__Data supplied__.
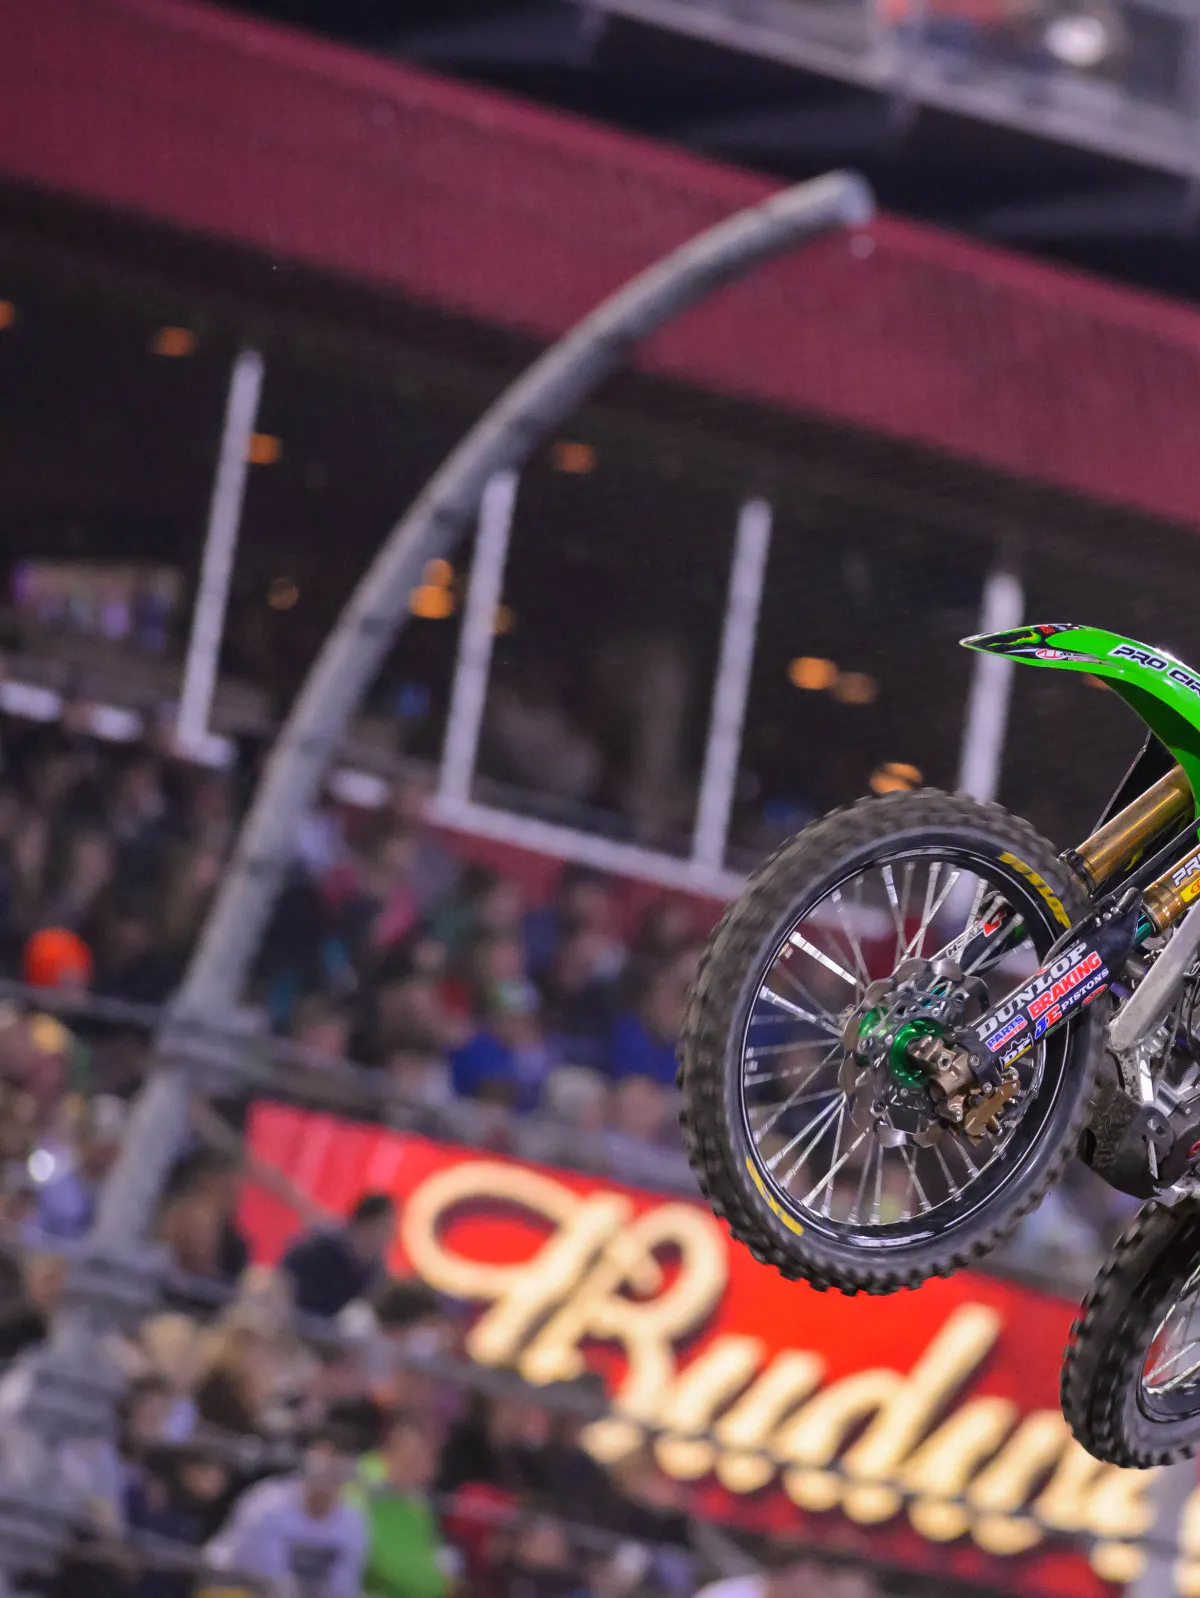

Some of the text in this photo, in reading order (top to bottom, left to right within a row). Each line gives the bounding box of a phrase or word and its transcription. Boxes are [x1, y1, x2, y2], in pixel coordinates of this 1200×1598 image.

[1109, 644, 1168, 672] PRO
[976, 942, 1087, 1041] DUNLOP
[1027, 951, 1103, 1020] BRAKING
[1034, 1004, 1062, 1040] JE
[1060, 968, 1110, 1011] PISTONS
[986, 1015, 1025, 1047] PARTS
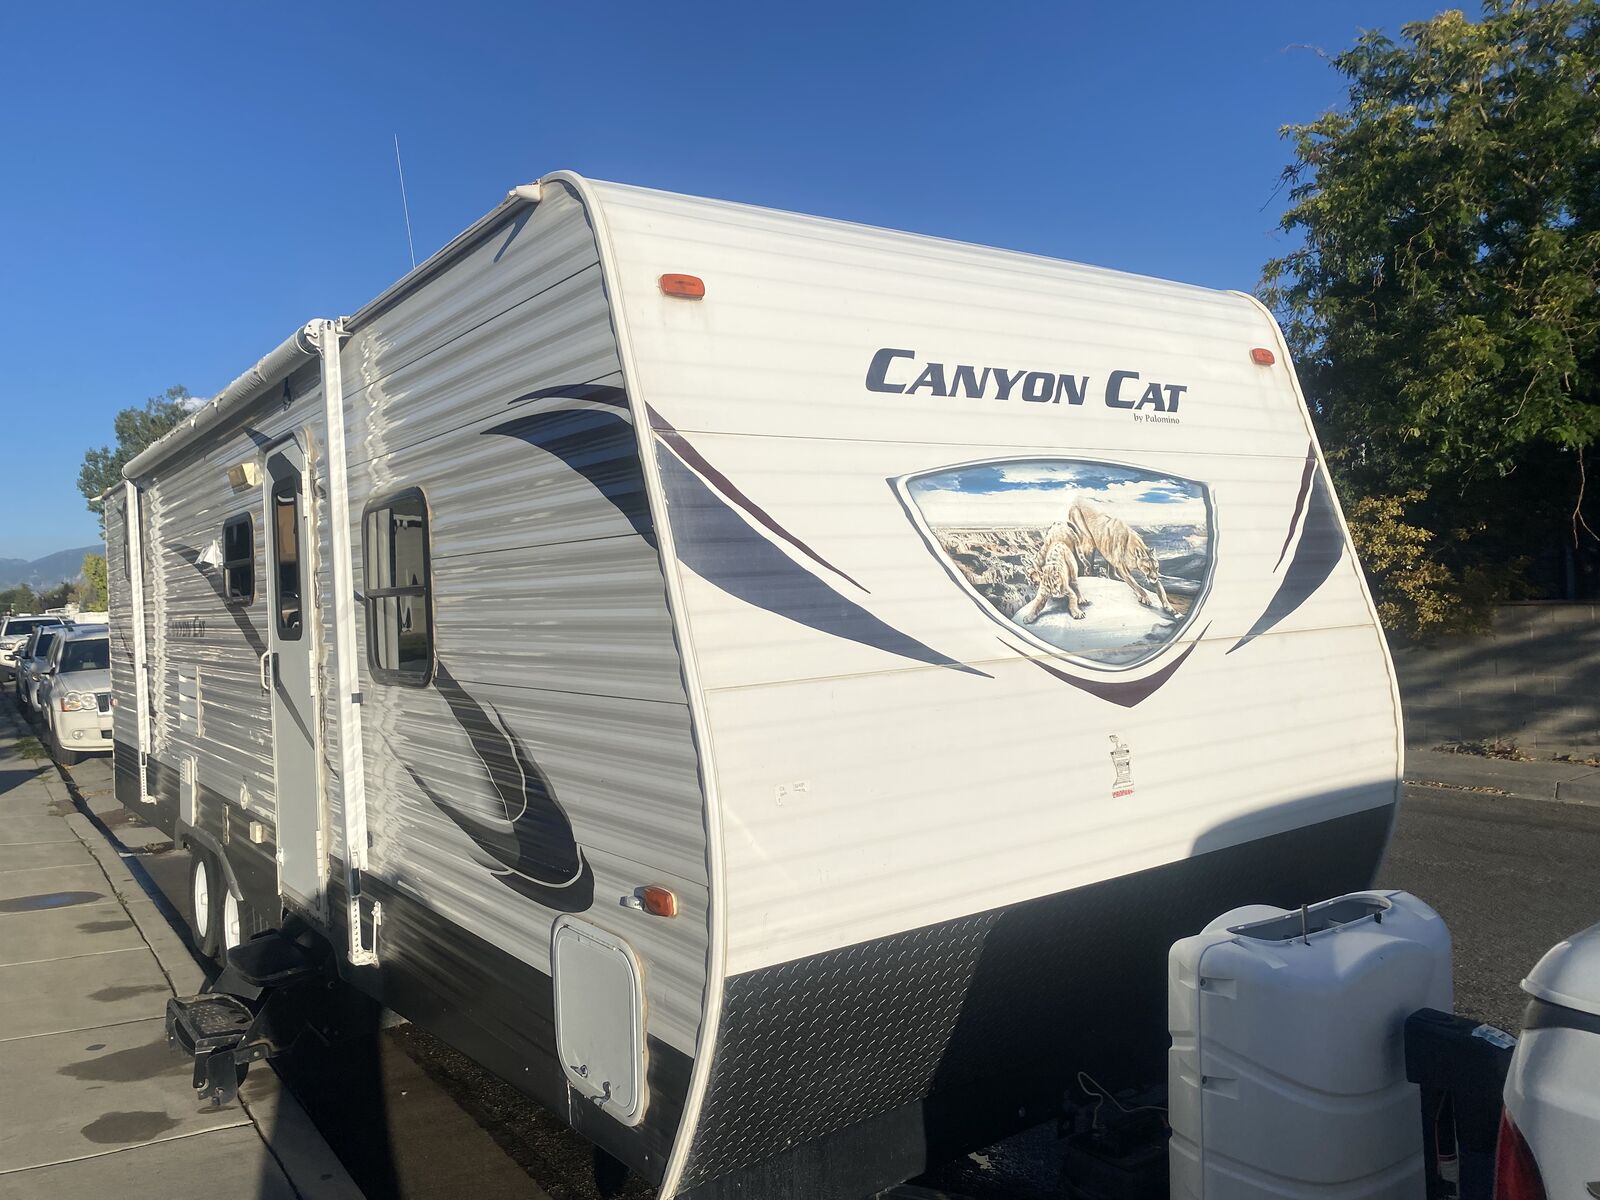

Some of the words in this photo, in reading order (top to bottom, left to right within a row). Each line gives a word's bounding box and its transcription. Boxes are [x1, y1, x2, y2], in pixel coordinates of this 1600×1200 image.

__Directions__.
Set down every entry exactly as it appears, but skip the pictures.

__Answer box__.
Some of the text in this photo, in reading order (top to bottom, left to right within a row). Each line gives the bounding box of a phrase or word and its transcription. Boxes are [x1, y1, x2, y2], in pixel coordinates of this 1200×1598 image.

[1109, 644, 1168, 672] PRO
[976, 942, 1087, 1041] DUNLOP
[1027, 951, 1103, 1020] BRAKING
[1034, 1004, 1062, 1040] JE
[1060, 968, 1110, 1011] PISTONS
[986, 1015, 1025, 1047] PARTS

Some of the words in this photo, in reading order (top to bottom, left to right within a row). Each line gives a word's bounding box and its transcription. Boxes are [x1, y1, x2, y2], in pixel coordinates of this 1600×1200 image.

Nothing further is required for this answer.